**What you should do:** If a record holds a picture, leave the picture out and print everything else exactly.

**Input material:**
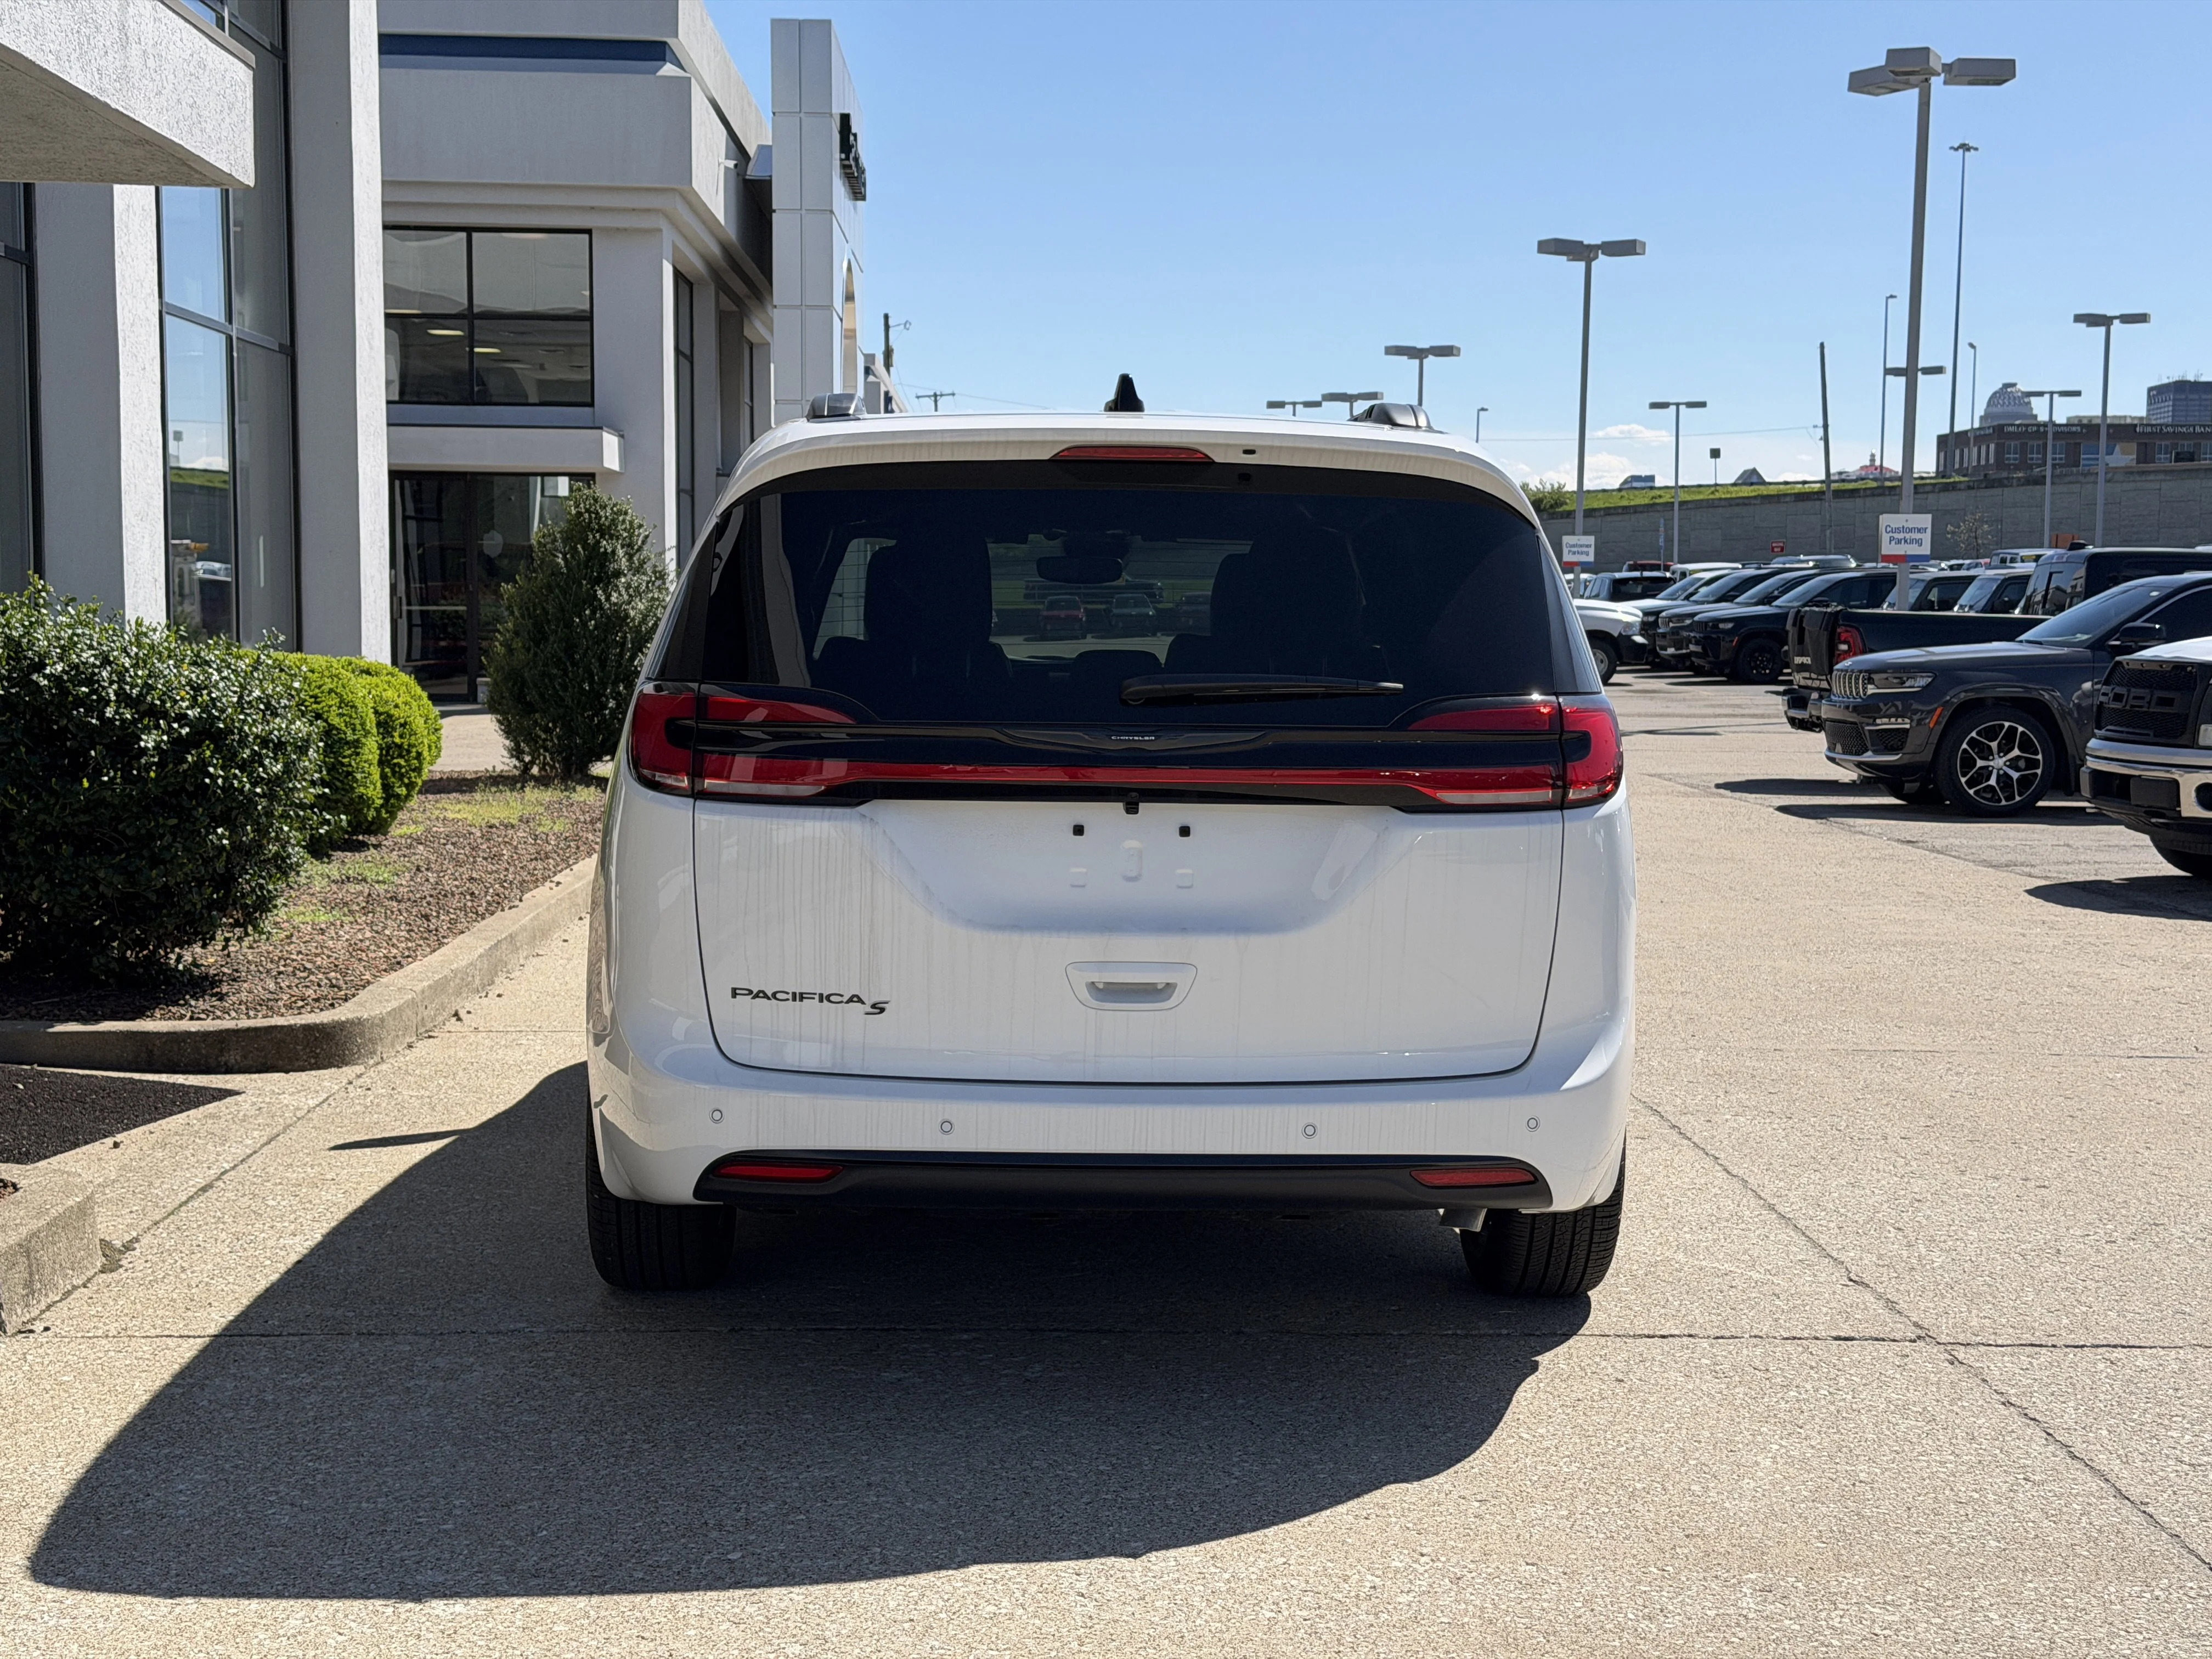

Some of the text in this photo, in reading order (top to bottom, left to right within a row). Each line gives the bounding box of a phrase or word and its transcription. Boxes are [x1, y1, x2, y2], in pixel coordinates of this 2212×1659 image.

[2194, 425, 2212, 433] BAN
[1884, 524, 1928, 534] Customer
[1888, 535, 1923, 547] Parking
[731, 987, 891, 1016] PACIFICA S

**Response for this exercise:**
Some of the text in this photo, in reading order (top to bottom, left to right within a row). Each line gives the bounding box of a phrase or word and its transcription. Boxes are [x1, y1, x2, y2], in pixel coordinates of this 2212×1659 image.

[2194, 425, 2212, 433] BAN
[1884, 524, 1928, 534] Customer
[1888, 535, 1923, 547] Parking
[731, 987, 891, 1016] PACIFICA S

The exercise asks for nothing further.